Objective: Combine video modulation and DDS animation to create a reactive, evolving moiré field.

  1. Video embedding: Set Video Mod to ~60%. The moiré fringes bend around luminance contours in the source, revealing a ghostly imprint of the input.
  2. Animation: Increase Anim Speed to ~20%. Grid A drifts through the interference, causing fringes to pulse and shift while maintaining their visual lock to the source luminance.
  3. Mix blending: Set Mix to ~50%. The monochrome moiré blends with the original color video, creating a semi-transparent pattern overlay.
  4. Circle interference: Switch Grid B to Circles. The video-modulated circles create concentric ripples centered on luminance features.
  5. Speed sweep: Slowly increase Anim Speed to maximum. The pattern becomes a rapid shimmer over the source.

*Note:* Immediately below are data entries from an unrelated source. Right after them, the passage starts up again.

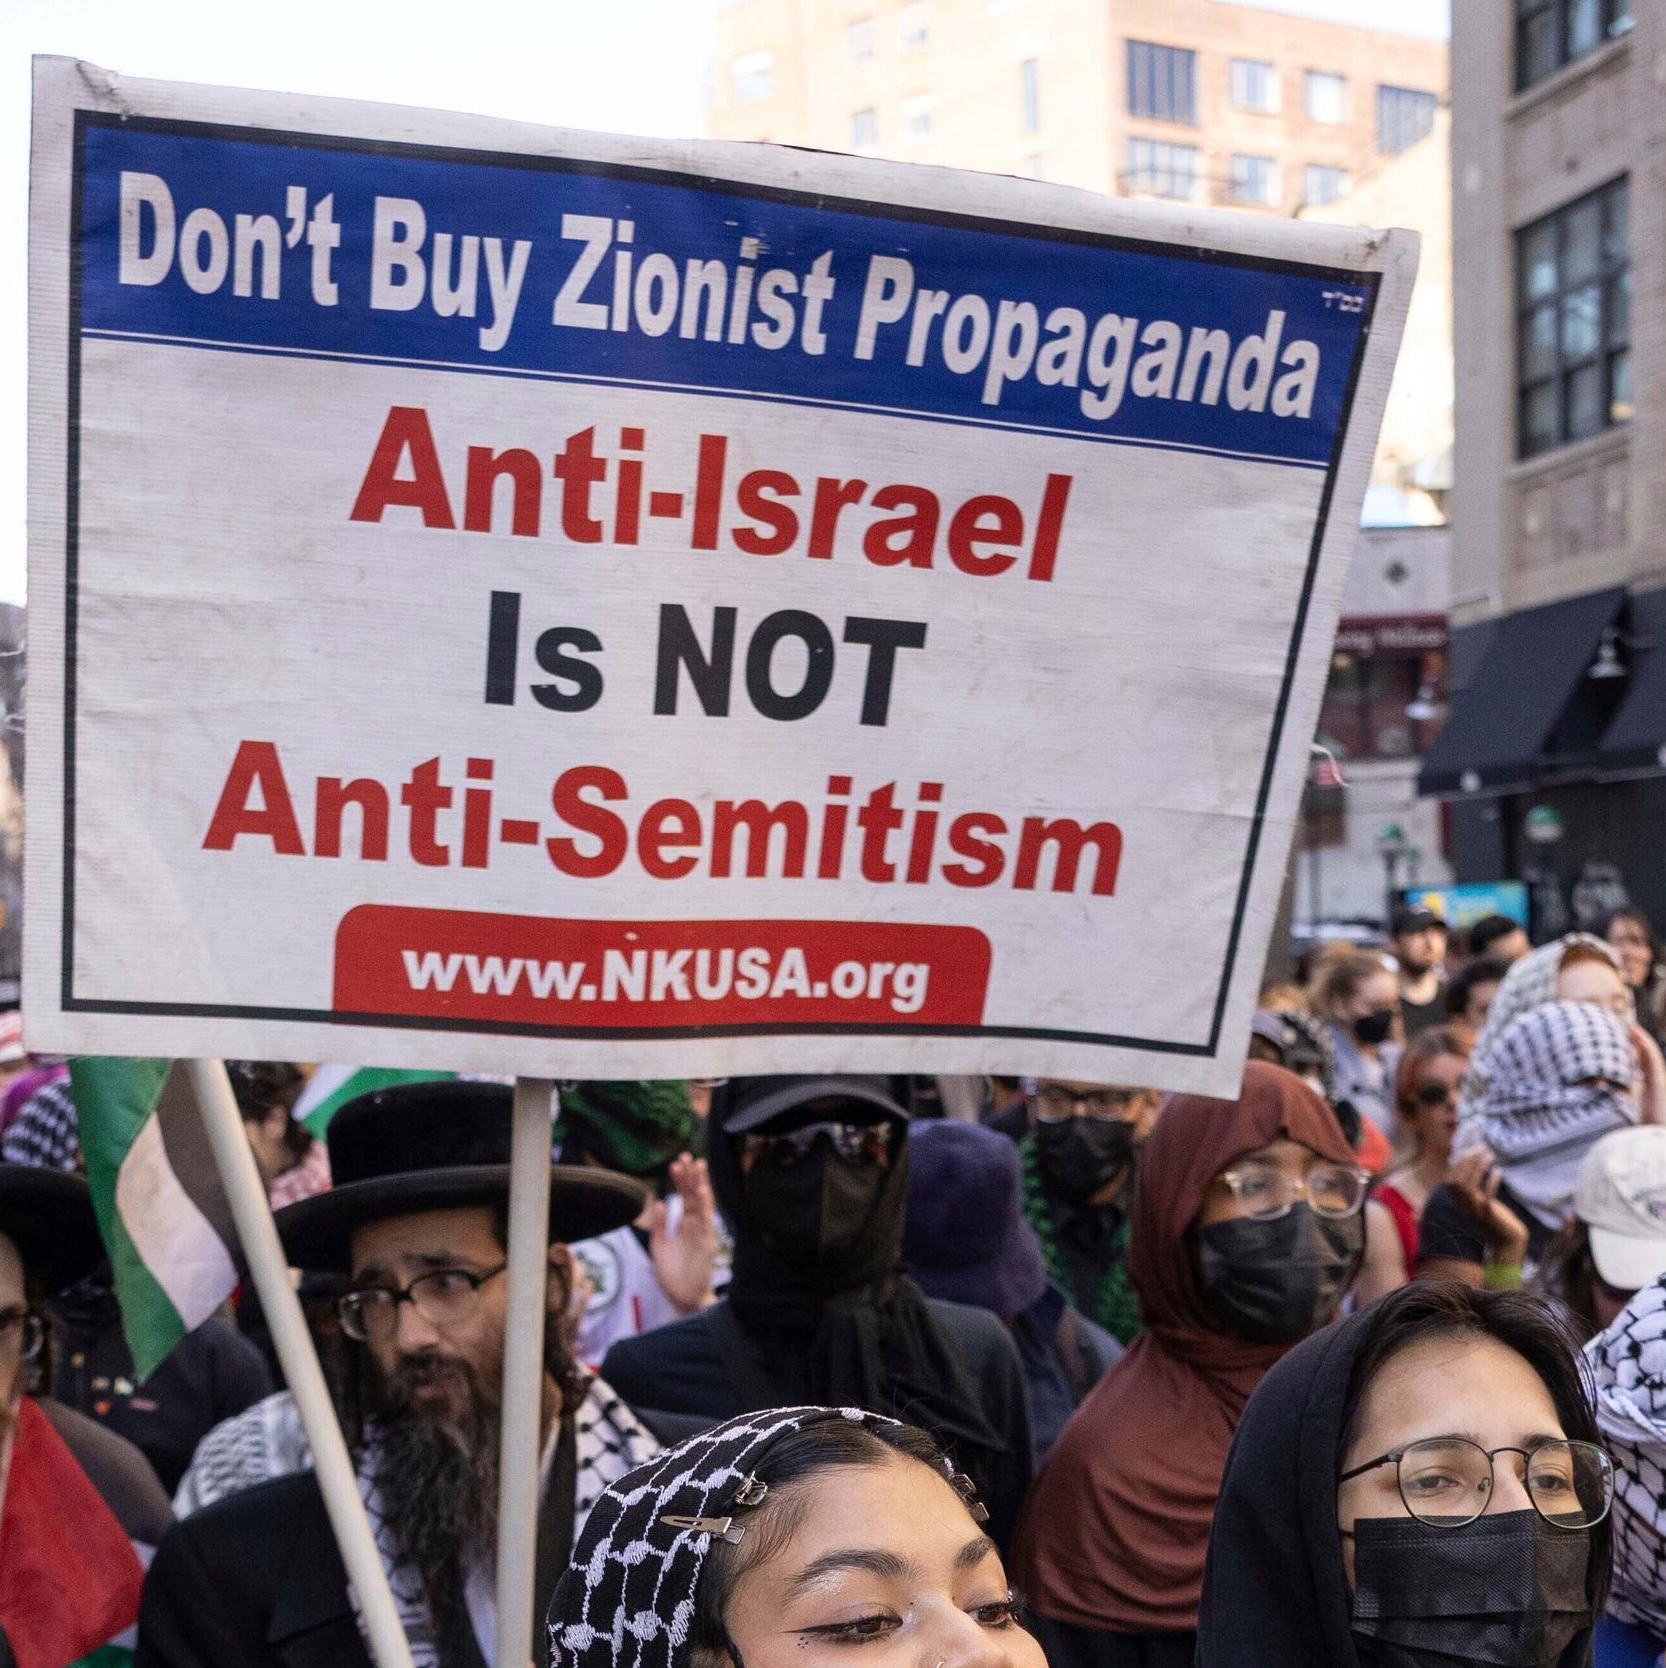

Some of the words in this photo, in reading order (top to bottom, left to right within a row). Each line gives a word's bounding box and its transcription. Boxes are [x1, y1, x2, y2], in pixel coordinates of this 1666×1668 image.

[119, 170, 341, 307] Don't
[370, 196, 533, 352] Buy
[552, 213, 835, 356] Zionist
[854, 255, 1320, 421] Propaganda
[351, 406, 1072, 581] Anti-Israel
[485, 590, 603, 713] Is
[654, 603, 928, 727] NOT
[204, 740, 1122, 896] Anti-Semitism
[401, 947, 930, 1006] www.NKUSA.org

Key concepts: Video Mod embeds input luminance into the interference structure, animation creates temporal evolution independent of input motion, partial Mix preserves source color beneath the pattern


Tips

  • Start with identical grids: Set both pitches and angles equal, then slowly offset one parameter at a time. This builds intuition for how each variable contributes to the interference.
  • Pitch ratio matters more than absolute pitch: Two grids at 8 and 12 px produce the same fringe pattern shape as two grids at 32 and 48 px (both are 2:3 ratios), just at different spatial scales.
  • Small angles, big fringes: The angular sensitivity is high — a single LUT step (~5.6°) produces dramatic fringes. Use small angular offsets for large-scale, slowly varying patterns.
  • Circles add radial structure: Switching Grid B to Circles introduces spoke-like and spiral interference that is impossible with two line grids alone.
  • Video Mod for reactive patterns: Even a small amount of Video Mod (10–20%) bends the grid fringes enough to create a visible impression of the input content within the moiré field.
  • Animation for temporal texture: Low Anim Speed values (5–15%) create a hypnotic, slowly evolving shimmer. High values produce rapid flicker that can serve as a modulation source for downstream programs.
  • Mix for overlay compositing: At 30–50% Mix, the monochrome moiré serves as a semi-transparent texture layer over the original color video.

Glossary

TermDefinition
Beat FrequencyThe difference frequency produced when two periodic signals of slightly different frequencies interact; in moiré patterns, this determines the spacing of the visible fringes.
Chebyshev DistanceAn approximation of Euclidean distance using $\max(
DDSDirect Digital Synthesis; a technique for generating waveforms by incrementing a phase accumulator and using the result to index a lookup table.
FringeA visible band or contour in a moiré pattern, caused by constructive or destructive interference between two periodic structures.
InterferenceThe phenomenon where overlapping periodic patterns create new visible structures (fringes) at the beat frequency.
LUTLookup Table; a pre-computed array of values indexed by an input parameter, used here for trigonometric functions and pitch decoding.
MoiréA pattern arising from the superposition of two periodic structures, named after watered silk fabric.
Phase AccumulatorA counter that wraps around at a fixed modulus, used in DDS to generate a linearly advancing phase that can be converted to a spatial offset.
Square WaveA periodic signal alternating between two levels (here, 0 and 1023) at a duty cycle of 50%, used to generate grid stripe patterns.
XORExclusive OR; a bitwise operation that outputs 1 where the two inputs differ, creating high-contrast digital interference patterns.
YUVA color encoding that separates luminance (Y) from chrominance (U, V); the native format of Videomancer's 30-bit video pipeline.